Todo esto solo sirve para exacerbar la polarización, profundizando la división política, social y cultural. No parece probable que se pueda silenciar a la base conservadora con la censura tecnológica, aún si Trump partiera de la escena política. El intento de invisibilizarlos no hará mas que intensificar su intolerancia y su radicalismo. Confeccionar una lista de enemigos políticos y amenazarlos con represalias por haber trabajado para el partido rival es extraído del manual del fascismo, se llamen como se llamen.
Estados Unidos vive un conflicto de dos “naciones”: la urbana y la rural, la laica y la religiosa, la moderna y la tradicional; en definitiva, la Unión y la Confederación. No es tan singular, versiones similares del clivaje liberal-conservador han ocurrido en casi todas las naciones de América, consecuencia inevitable del secular proceso de modernización y sus conflictos.
Pues resolver esos conflictos es condición necesaria para que una nación sea viable, es decir, que prospere y que reproduzca un orden político legítimo para la sociedad, que a su vez repercute sobre el crecimiento. La sociedad en conflicto, la política inestable y la democracia ingobernable son una buena receta para aumentar el riesgo y la incertidumbre en los negocios. En el largo plazo ello siempre afecta la inversión, el poderío económico nunca debe darse por sentado.
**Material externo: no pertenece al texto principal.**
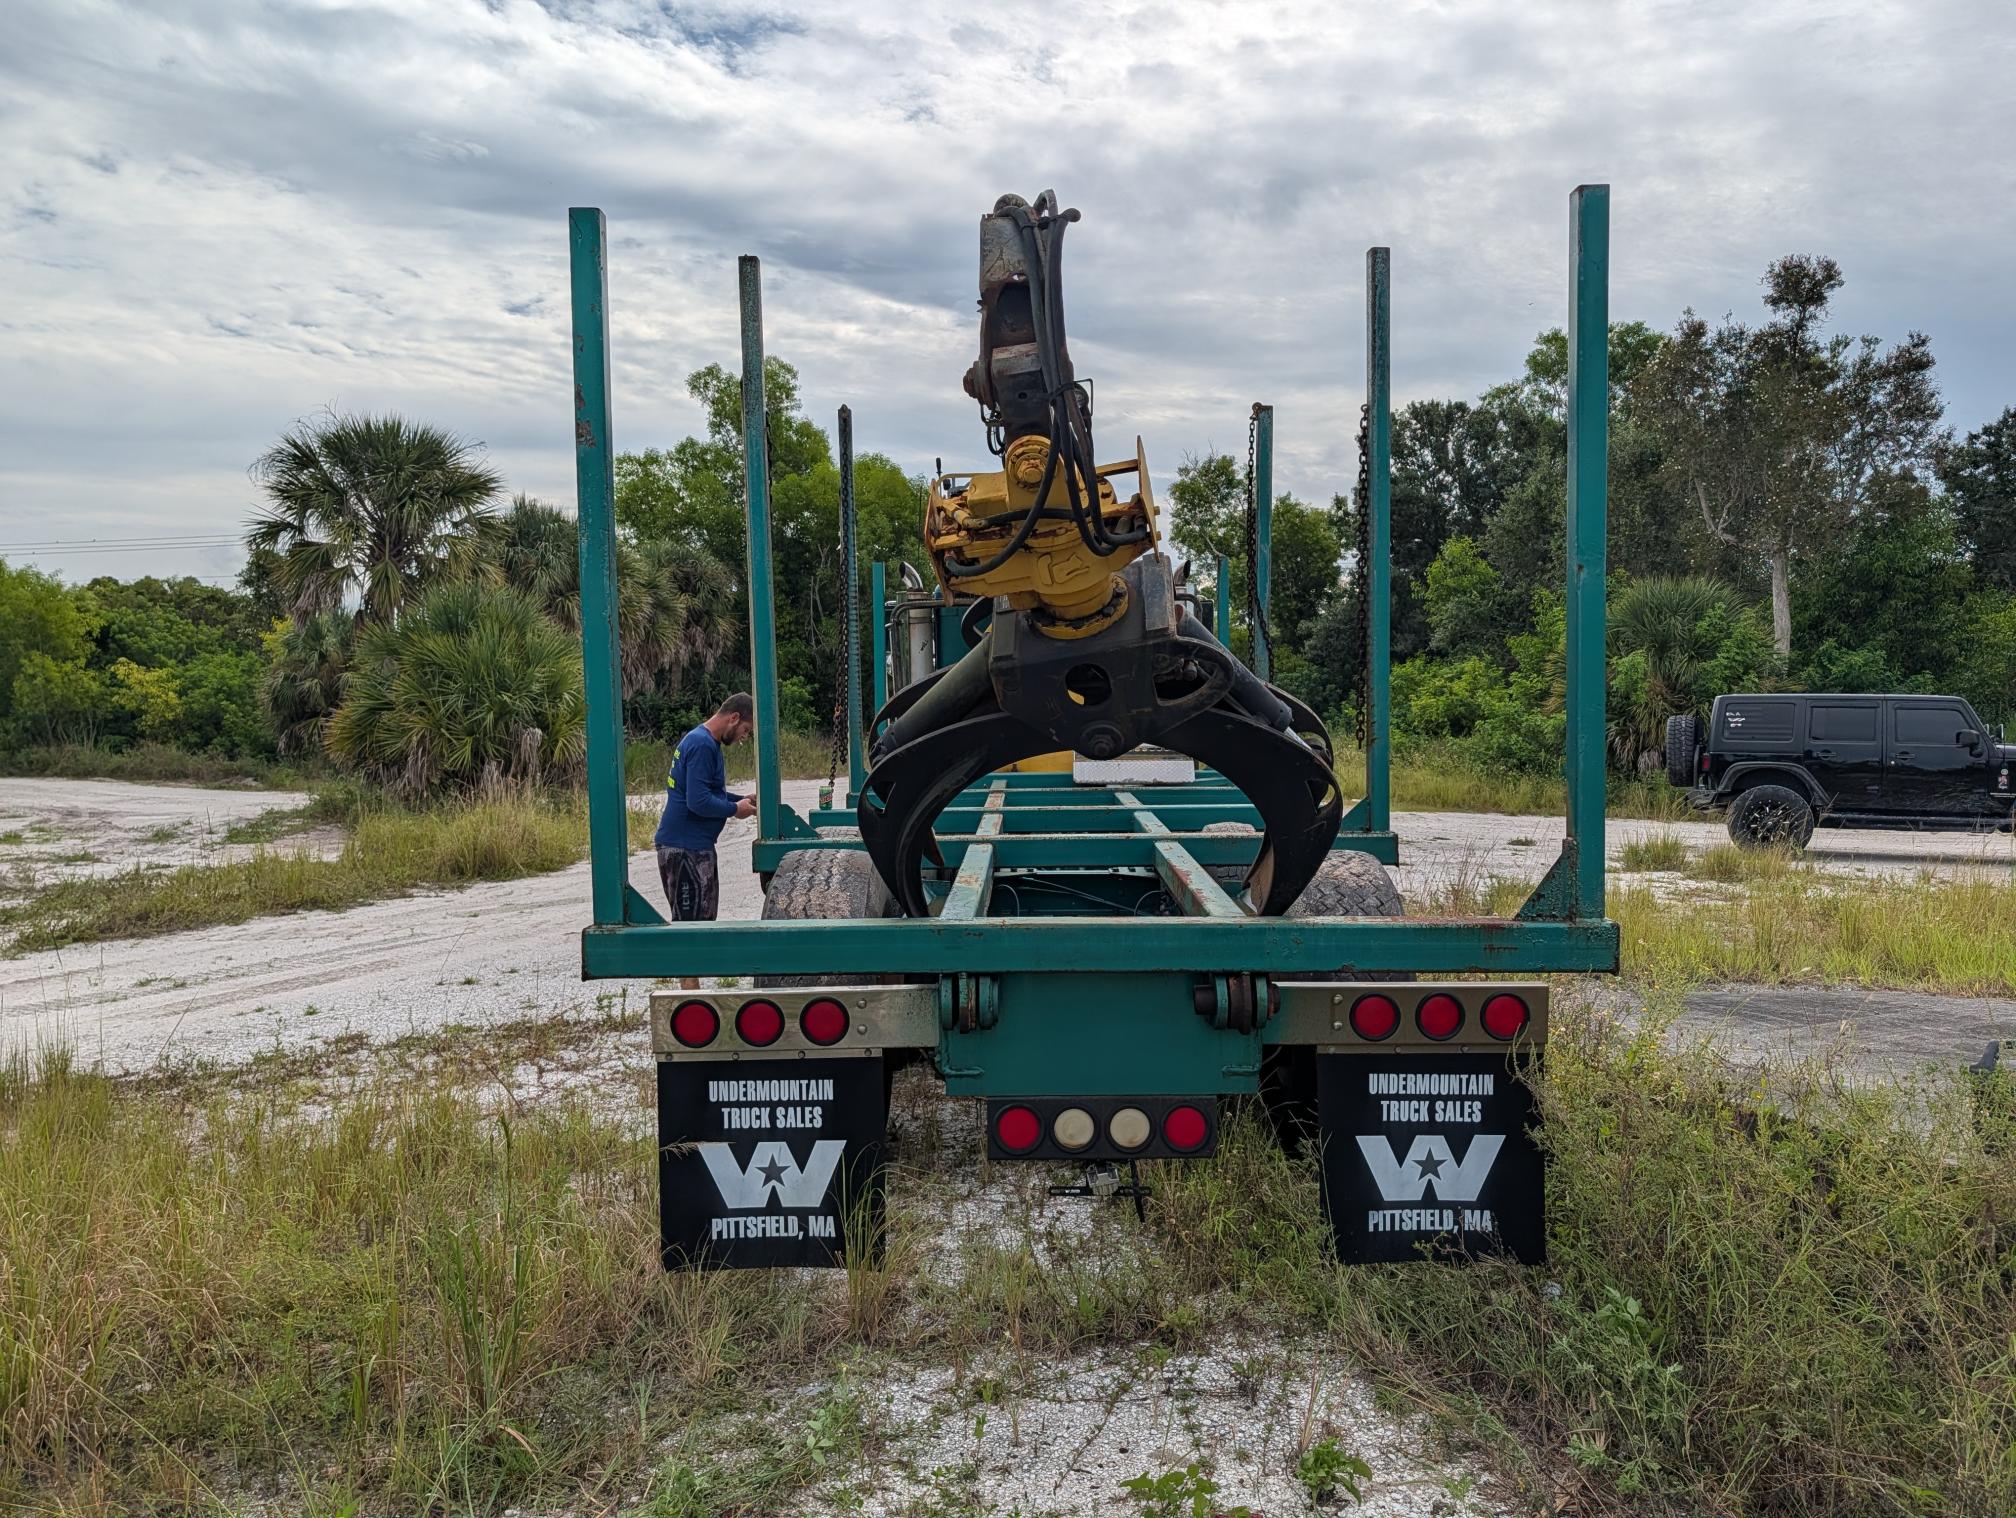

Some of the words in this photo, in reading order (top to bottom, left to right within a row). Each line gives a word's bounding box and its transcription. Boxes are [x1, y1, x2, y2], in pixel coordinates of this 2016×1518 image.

[709, 1079, 834, 1102] UNDERMOUNTAIN
[1369, 1073, 1494, 1095] UNDERMOUNTAIN
[722, 1107, 771, 1129] TRUCK
[776, 1106, 823, 1128] SALES
[1380, 1100, 1429, 1122] TRUCK
[1435, 1100, 1482, 1122] SALES
[711, 1216, 804, 1240] PITTSFIELD,
[808, 1215, 836, 1238] MA
[1368, 1209, 1459, 1233] PITTSFIELD,
[1464, 1209, 1493, 1231] MA
Por ende, la elite política debería actuar con mayor cautela. Lo mismo la elite mediática-empresarial, enfocada en la ganancia de corto plazo aún a costa de la estabilidad del sistema. Pero así es la burguesía en el capitalismo monopólico, dice buena parte de la literatura neomarxista.
Ocurre que Trump no es un mal negocio para sus adversarios tan acérrimos. De hecho, las mentiras por ellos censuradas se han traducido en extraordinarias utilidades corporativas, medidas por el tráfico en las redes sociales y las subscripciones de los periódicos más críticos. De ahí que el ministerio de la verdad privatizado lo quiera fuera del poder, pero no necesariamente fuera de la escena.
Es que, después de todo, no son tan diferentes. El capitalismo sin restricciones que Trump practica y predica es exactamente el mismo que sus enemigos del cartel mediático-tecnológico reprueban pero también practican.